# Pic of friend's A6 2.7t



## BORAVRSIK (Sep 4, 2002)

took this quick pic for a friend, car belongs to *lino* here on vortex/ fortitude
hope u like it


----------



## Eu PiLi (Jan 28, 2004)

*Re: Pic of friend's A6 2.7t (BORAVRSIK)*

SICKKKKKK!


----------



## SuPeRDeCo (Jan 11, 2004)

*Re: Pic of friend's A6 2.7t (BORAVRSIK)*

bumpin it ...location is hott Rui...Lino http://****************.com/smile/emthup.gif on the wheels


----------



## fahrfrumlosin (Sep 15, 2000)

*Re: Pic of friend's A6 2.7t (BORAVRSIK)*

stay classy san diego http://****************.com/smile/emthup.gif


----------



## vdubMT (Apr 7, 2003)

*Re: Pic of friend's A6 2.7t (fahrfrumlosin)*

http://****************.com/smile/emthup.gif Looks real good Lino.


----------



## BORAVRSIK (Sep 4, 2002)

*Re: Pic of friend's A6 2.7t (vdubMT)*

Different angle http://****************.com/smile/emthup.gif


----------



## vdubMT (Apr 7, 2003)

*Re: Pic of friend's A6 2.7t (BORAVRSIK)*

Hey lino, what size tires are you running on them?


----------



## GAIO GTI (Nov 4, 2000)

*Re: Pic of friend's A6 2.7t (BORAVRSIK)*

http://****************.com/smile/emthup.gif VERY NICE


----------



## whostolesilence (Sep 4, 2005)

what size are they? tire size?


----------



## BHB (Oct 26, 2004)

wheels are not my thing.. but yeah. what suspension is he running?


----------



## LINO6543 (Apr 9, 2002)

*Re: (bhb399mm)*

KW V1's... I might be selling wheels, and suspension 
New tires on wheels, and suspension doesn't even have 500 miles on them.


----------



## vdubnut_mike (Aug 13, 2002)

*Re: (Lino)*

what are you asking for the whole package as it sits wheels/tire/suspension?


----------



## B4 VARIANT STYLE!!! (Aug 14, 2003)

*Re: (Lino)*

How is the ride on the KW V1's? Not too harsh compared to stock?


----------



## LINO6543 (Apr 9, 2002)

*Re: (B4 VARIANT STYLE!!!)*


_Quote, originally posted by *B4 VARIANT STYLE!!!* »_How is the ride on the KW V1's? Not too harsh compared to stock?

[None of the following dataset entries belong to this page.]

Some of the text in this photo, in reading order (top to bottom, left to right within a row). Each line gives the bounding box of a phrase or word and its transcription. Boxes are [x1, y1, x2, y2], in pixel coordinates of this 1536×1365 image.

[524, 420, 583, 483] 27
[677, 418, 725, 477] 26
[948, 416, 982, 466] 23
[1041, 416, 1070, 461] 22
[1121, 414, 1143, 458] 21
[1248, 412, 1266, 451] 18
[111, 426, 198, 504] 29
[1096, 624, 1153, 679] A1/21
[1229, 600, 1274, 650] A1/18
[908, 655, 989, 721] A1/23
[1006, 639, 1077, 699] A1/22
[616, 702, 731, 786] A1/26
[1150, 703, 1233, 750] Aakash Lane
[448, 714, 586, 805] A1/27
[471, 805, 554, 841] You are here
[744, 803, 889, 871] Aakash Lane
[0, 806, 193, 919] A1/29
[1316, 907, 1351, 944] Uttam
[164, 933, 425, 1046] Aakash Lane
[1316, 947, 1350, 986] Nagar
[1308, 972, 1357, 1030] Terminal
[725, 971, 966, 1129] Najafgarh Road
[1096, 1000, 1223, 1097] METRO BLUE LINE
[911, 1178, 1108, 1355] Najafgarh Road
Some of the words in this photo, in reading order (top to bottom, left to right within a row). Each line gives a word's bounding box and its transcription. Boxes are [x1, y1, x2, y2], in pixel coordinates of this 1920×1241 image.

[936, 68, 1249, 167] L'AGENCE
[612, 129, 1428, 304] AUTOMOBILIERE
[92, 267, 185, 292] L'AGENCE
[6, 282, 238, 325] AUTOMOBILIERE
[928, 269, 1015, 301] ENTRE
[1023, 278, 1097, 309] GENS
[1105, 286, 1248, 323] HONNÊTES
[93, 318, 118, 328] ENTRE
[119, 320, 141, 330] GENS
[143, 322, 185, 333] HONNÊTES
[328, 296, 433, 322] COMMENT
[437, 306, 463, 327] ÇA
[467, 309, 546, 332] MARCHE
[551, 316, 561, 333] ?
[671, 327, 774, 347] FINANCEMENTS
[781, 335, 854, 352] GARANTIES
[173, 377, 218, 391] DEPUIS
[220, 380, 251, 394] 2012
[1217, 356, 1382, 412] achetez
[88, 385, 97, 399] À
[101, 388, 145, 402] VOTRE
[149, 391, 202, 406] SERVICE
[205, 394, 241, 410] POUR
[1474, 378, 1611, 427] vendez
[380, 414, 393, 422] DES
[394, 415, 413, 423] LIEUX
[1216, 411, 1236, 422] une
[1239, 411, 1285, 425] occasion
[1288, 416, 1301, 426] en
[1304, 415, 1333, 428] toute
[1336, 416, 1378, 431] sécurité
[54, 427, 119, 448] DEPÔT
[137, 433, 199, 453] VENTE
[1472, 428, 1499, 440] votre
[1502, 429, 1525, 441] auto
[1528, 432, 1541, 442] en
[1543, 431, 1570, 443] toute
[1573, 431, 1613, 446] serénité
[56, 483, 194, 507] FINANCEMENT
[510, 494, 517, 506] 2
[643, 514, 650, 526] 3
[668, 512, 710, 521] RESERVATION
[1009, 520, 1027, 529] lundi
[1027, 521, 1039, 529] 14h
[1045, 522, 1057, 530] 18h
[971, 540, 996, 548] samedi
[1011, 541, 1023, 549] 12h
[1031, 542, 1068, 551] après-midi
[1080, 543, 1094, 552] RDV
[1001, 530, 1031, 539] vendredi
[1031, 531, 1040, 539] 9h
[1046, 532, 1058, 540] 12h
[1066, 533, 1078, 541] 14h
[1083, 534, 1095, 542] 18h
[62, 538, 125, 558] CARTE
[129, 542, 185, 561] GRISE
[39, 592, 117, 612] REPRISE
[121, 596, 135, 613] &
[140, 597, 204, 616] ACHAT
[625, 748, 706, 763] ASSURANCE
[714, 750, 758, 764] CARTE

It's a very nice ride, better then stock in my opinion.


----------



## No1HondaHateR (Oct 8, 2004)

*Re: (Lino)*

Whats the name of those wheels or where can i look for them i like them and im lookin for wheels for my wagen o yeah nice ride


----------



## NotQuatt (Nov 11, 2004)

*Re: (No1HondaHateR)*

http://****************.com/smile/emthup.gif http://****************.com/smile/emthup.gif http://****************.com/smile/emthup.gif


----------



## LINO6543 (Apr 9, 2002)

*Re: (No1HondaHateR)*


_Quote, originally posted by *No1HondaHateR* »_Whats the name of those wheels or where can i look for them i like them and im lookin for wheels for my wagen o yeah nice ride

A8 monoblocks http://****************.com/smile/emthup.gif


----------



## LINO6543 (Apr 9, 2002)

*Re: (NotQuatt)*


_Quote, originally posted by *NotQuatt* »_ http://****************.com/smile/emthup.gif http://****************.com/smile/emthup.gif http://****************.com/smile/emthup.gif 

Thanx


----------



## BMAN A6 (Aug 23, 2005)

What suspension are you running and how much drop is it?


----------



## LINO6543 (Apr 9, 2002)

*Re: (BMAN A6)*

KW v1 coil overs.


----------



## mk2 cabbriforjay (Jan 10, 2005)

if u sell the wheels how much would u be asking for them w/tires


----------



## mk2 cabbriforjay (Jan 10, 2005)

sick car !! what kind of wheels are they?


----------



## Obelix (Jan 16, 2001)

*Re: Pic of friend's A6 2.7t (BORAVRSIK)*

Are you sure it's a 2.7T?
Last time I tried to fit 18" A8 wheels on a 2.7T, they did not fit because of the large HP2 brake calipers.
Then again I may be wrong, because the wheels I tried were another design (5-spoke hollows).


----------



## LINO6543 (Apr 9, 2002)

*Re: Pic of friend's A6 2.7t (Obelix)*


_Quote, originally posted by *Obelix* »_Are you sure it's a 2.7T?
Last time I tried to fit 18" A8 wheels on a 2.7T, they did not fit because of the large HP2 brake calipers.
Then again I may be wrong, because the wheels I tried were another design (5-spoke hollows).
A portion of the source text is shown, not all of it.